### Dataset records
+-------+

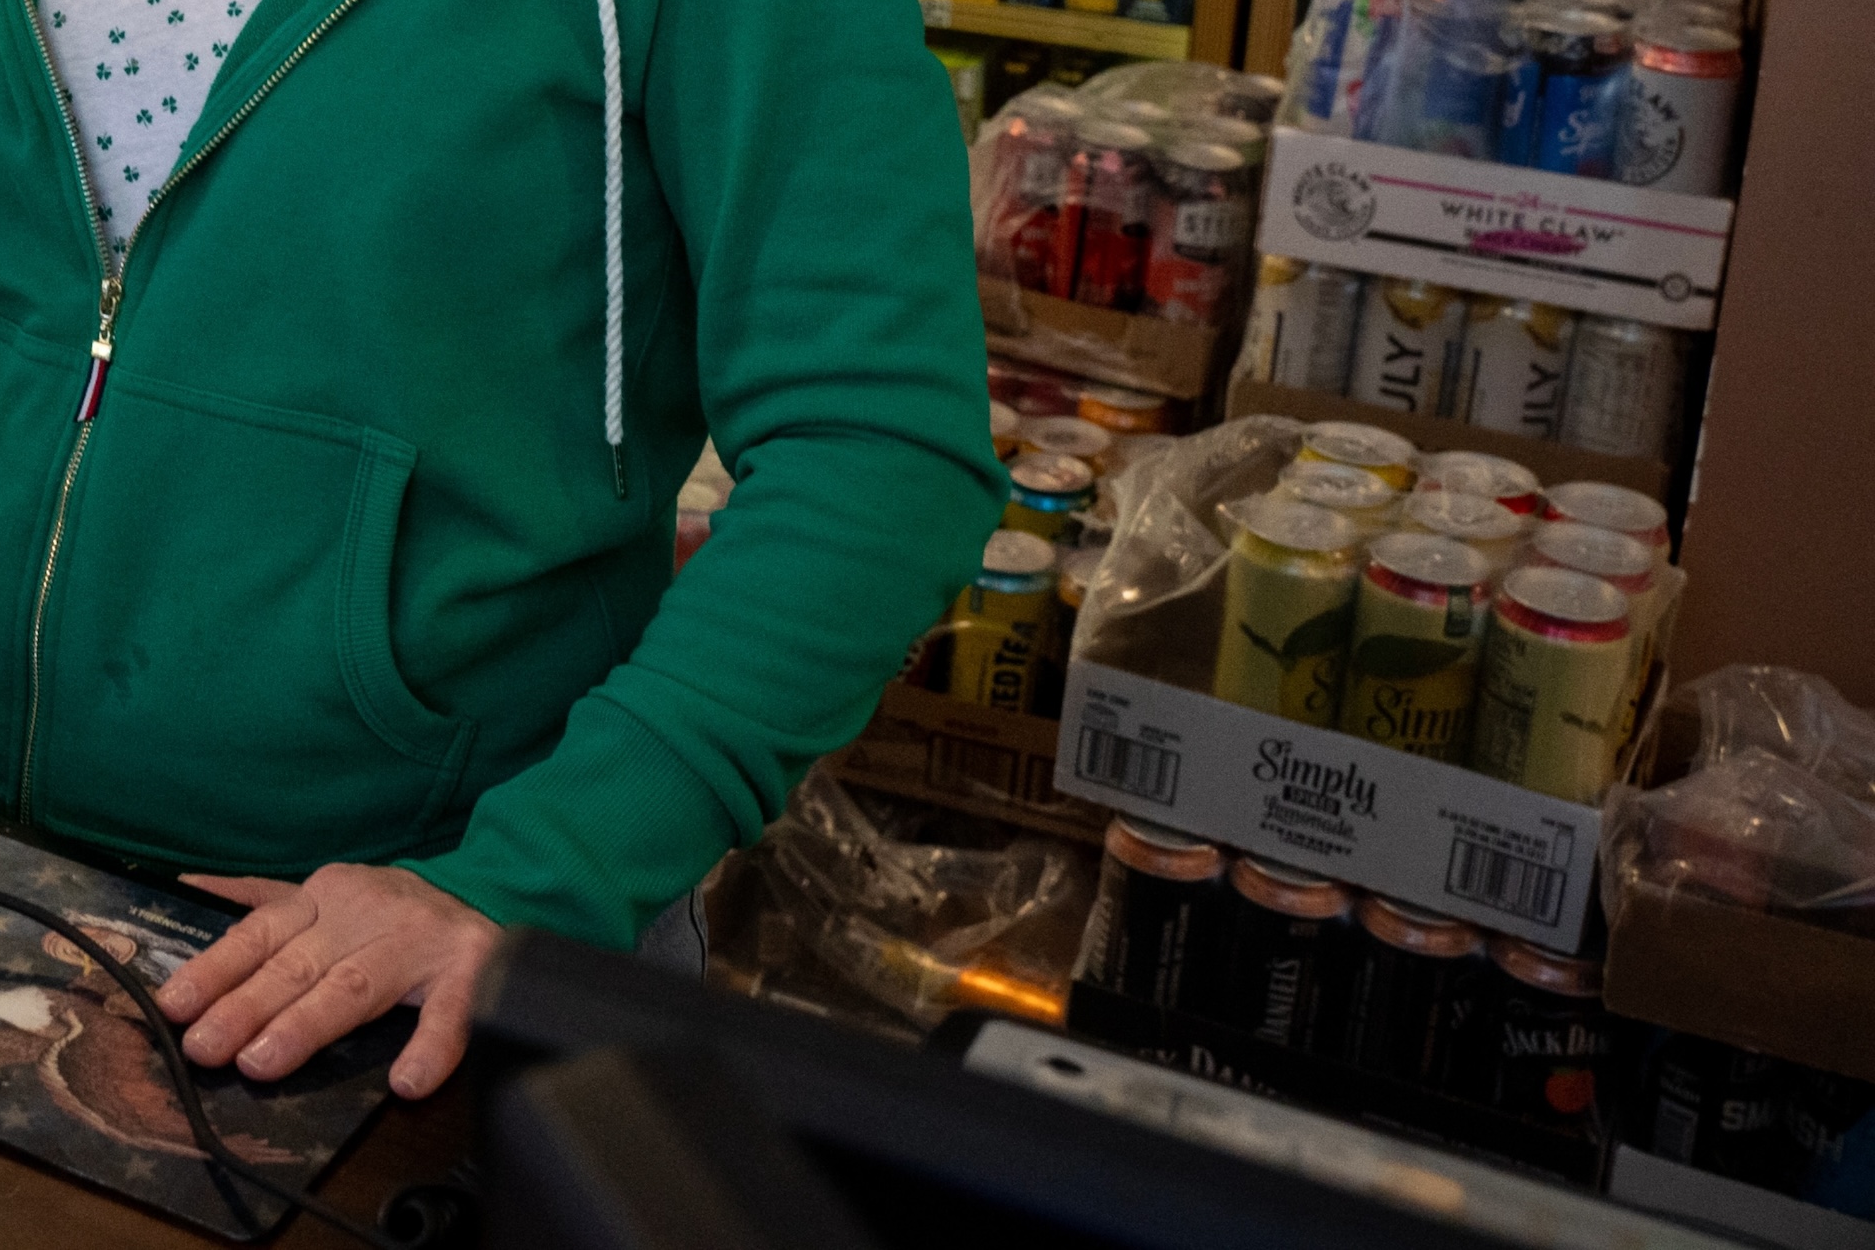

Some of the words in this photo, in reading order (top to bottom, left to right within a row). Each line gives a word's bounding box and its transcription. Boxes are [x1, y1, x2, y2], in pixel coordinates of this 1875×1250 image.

[1439, 197, 1527, 232] WHITE
[1538, 209, 1615, 244] CLAW
[1252, 736, 1381, 818] Simply
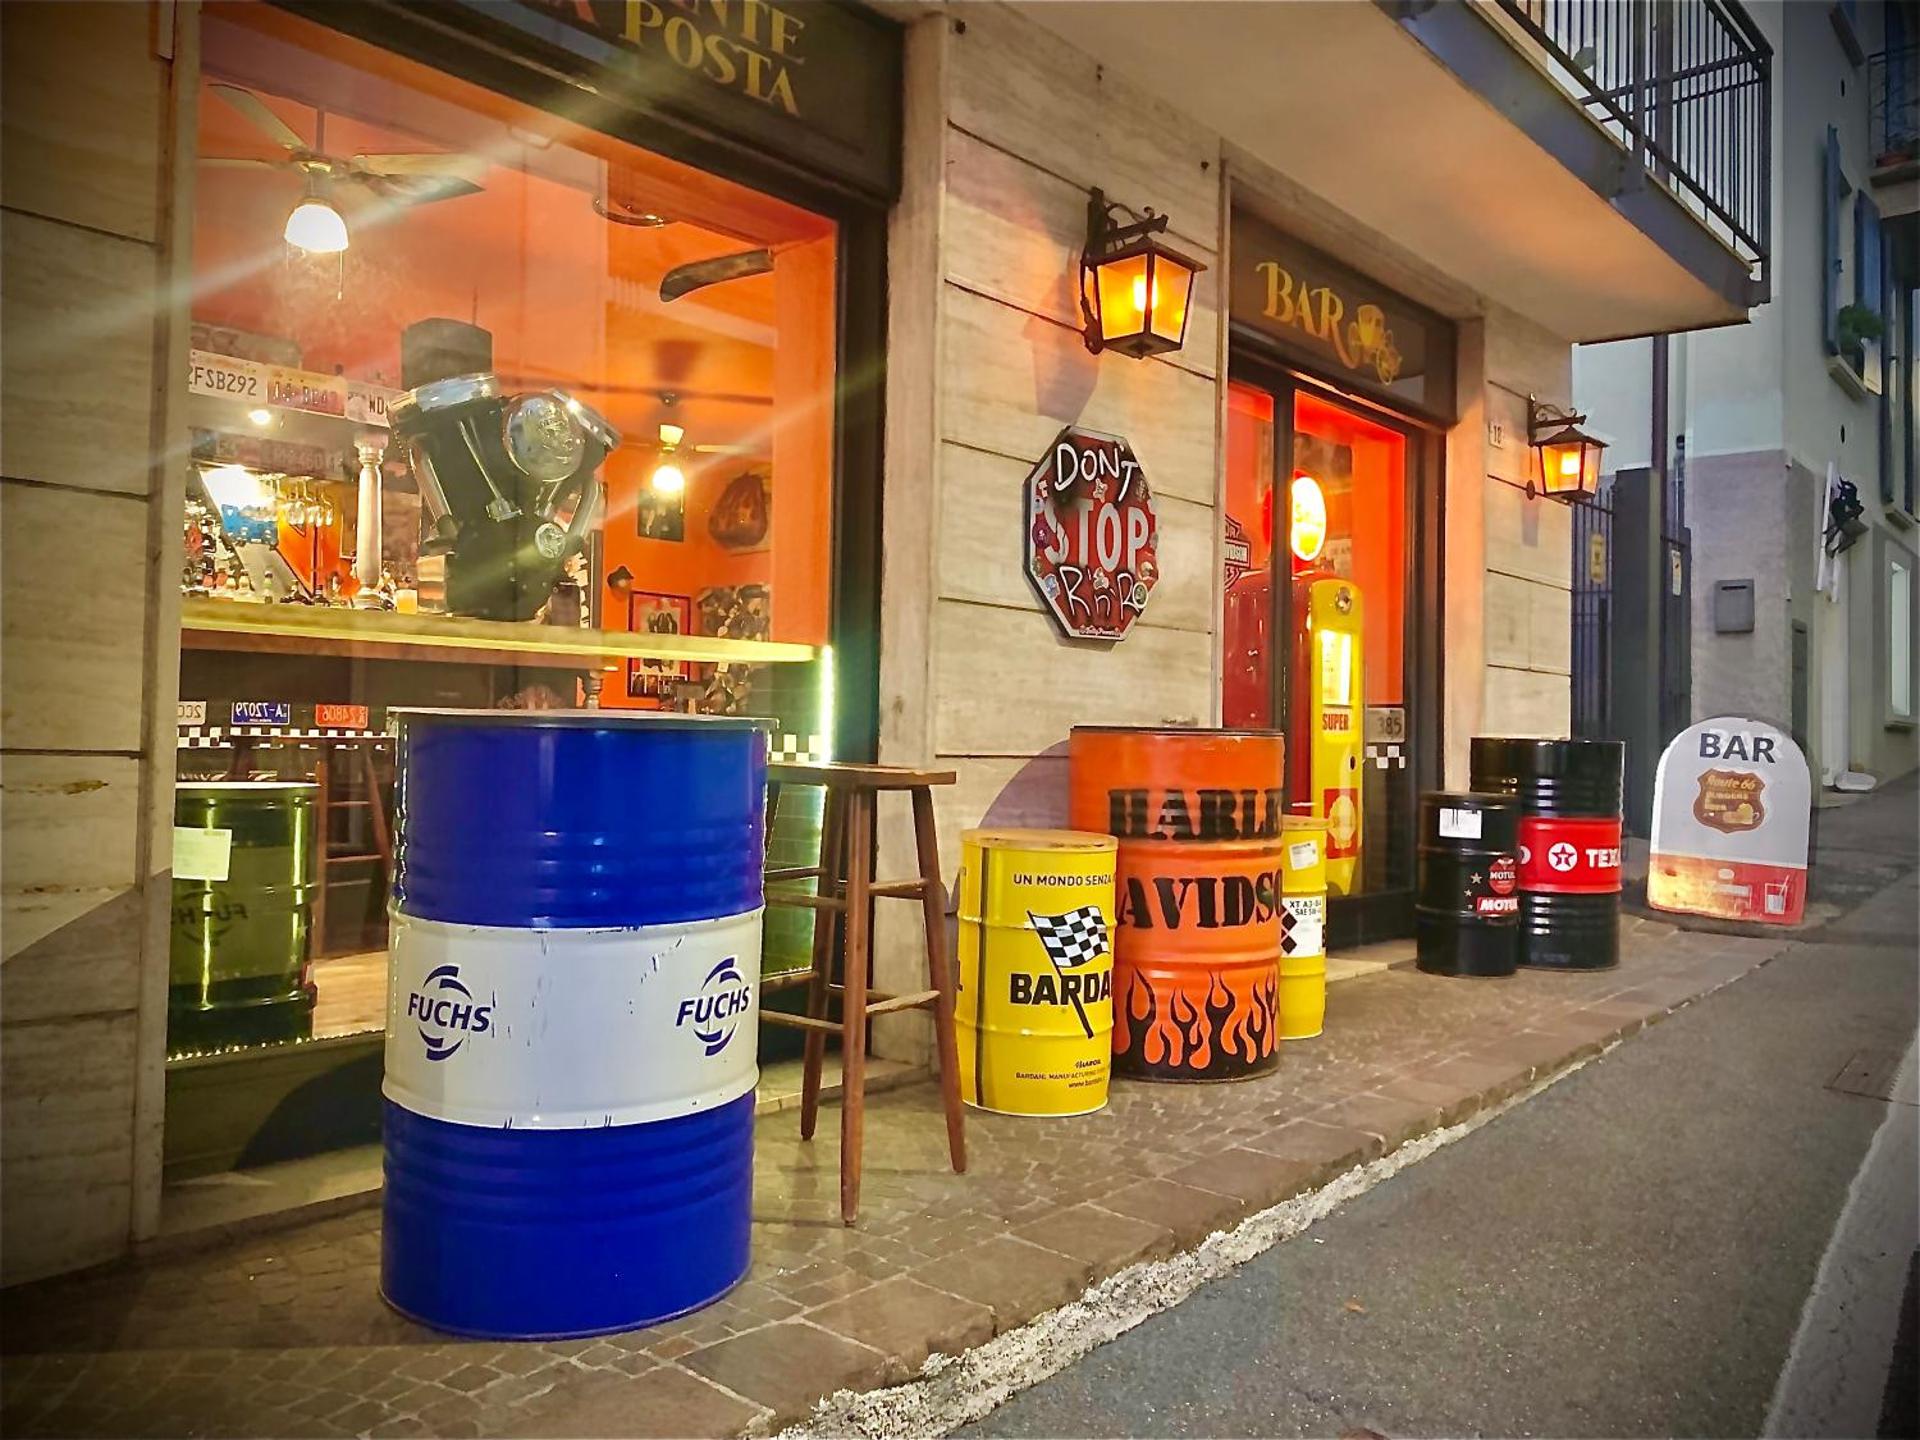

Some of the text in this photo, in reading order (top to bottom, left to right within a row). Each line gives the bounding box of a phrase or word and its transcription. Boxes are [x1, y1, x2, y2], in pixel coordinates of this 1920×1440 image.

[618, 0, 800, 117] POSTA
[1255, 261, 1362, 369] BAR
[189, 366, 258, 397] FSB292
[1043, 496, 1149, 575] STOP
[1322, 713, 1350, 731] SUPER
[1699, 732, 1776, 764] BAR
[1013, 873, 1112, 886] UN MONDO SENZA
[1113, 868, 1284, 929] AVIDS
[407, 992, 491, 1033] FUCHS
[675, 984, 750, 1027] FUCHS
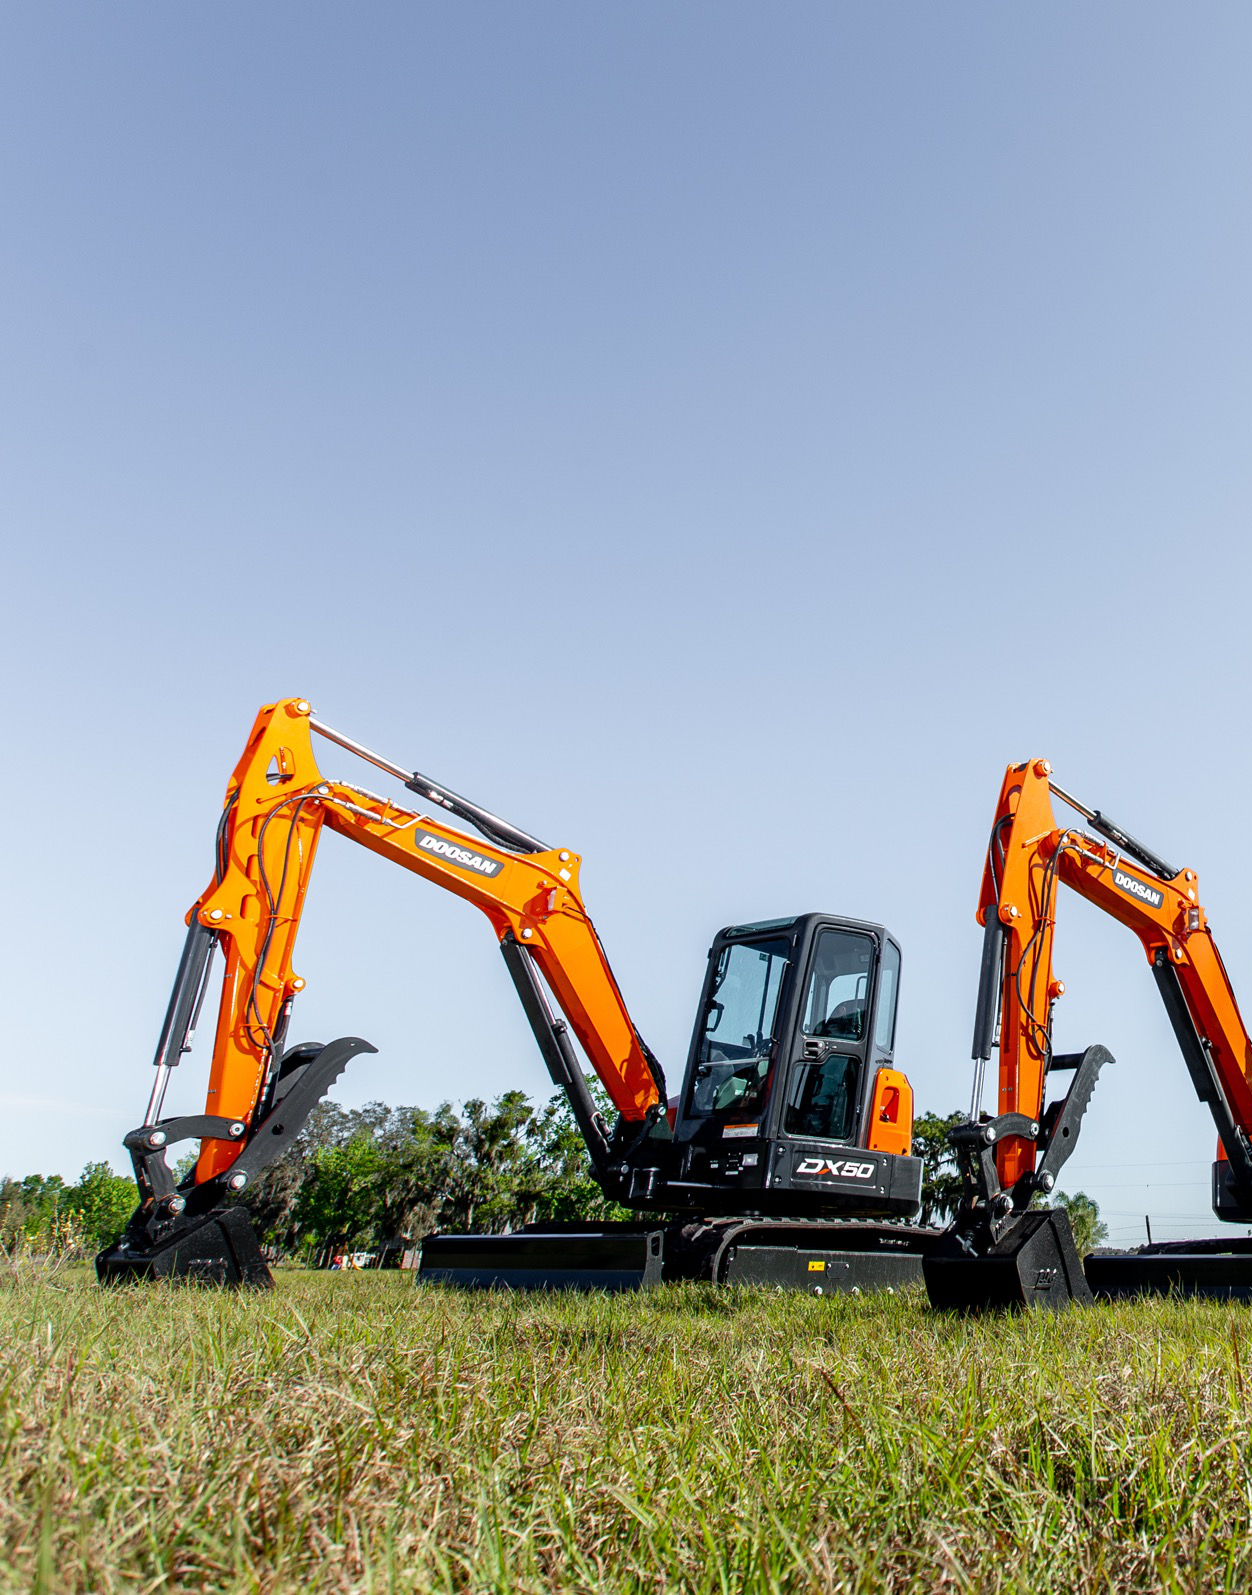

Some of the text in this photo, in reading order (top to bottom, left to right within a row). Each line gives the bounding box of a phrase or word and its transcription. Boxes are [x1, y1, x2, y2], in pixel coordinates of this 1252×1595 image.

+-------+

### Problem
The lines from the one with "this 1920×1440 image." to the end of the data above should be retyped exactly, both ends included, and pictures are to be left out.

### Result of the exercise
Some of the text in this photo, in reading order (top to bottom, left to right within a row). Each line gives the bounding box of a phrase or word and its transcription. Boxes are [x1, y1, x2, y2], in pixel coordinates of this 1920×1440 image.

[618, 0, 800, 117] POSTA
[1255, 261, 1362, 369] BAR
[189, 366, 258, 397] FSB292
[1043, 496, 1149, 575] STOP
[1322, 713, 1350, 731] SUPER
[1699, 732, 1776, 764] BAR
[1013, 873, 1112, 886] UN MONDO SENZA
[1113, 868, 1284, 929] AVIDS
[407, 992, 491, 1033] FUCHS
[675, 984, 750, 1027] FUCHS

Some of the text in this photo, in reading order (top to bottom, left to right within a row). Each line gives the bounding box of a phrase or word and its transcription. Boxes are [x1, y1, x2, y2], in pixel coordinates of this 1252×1595 image.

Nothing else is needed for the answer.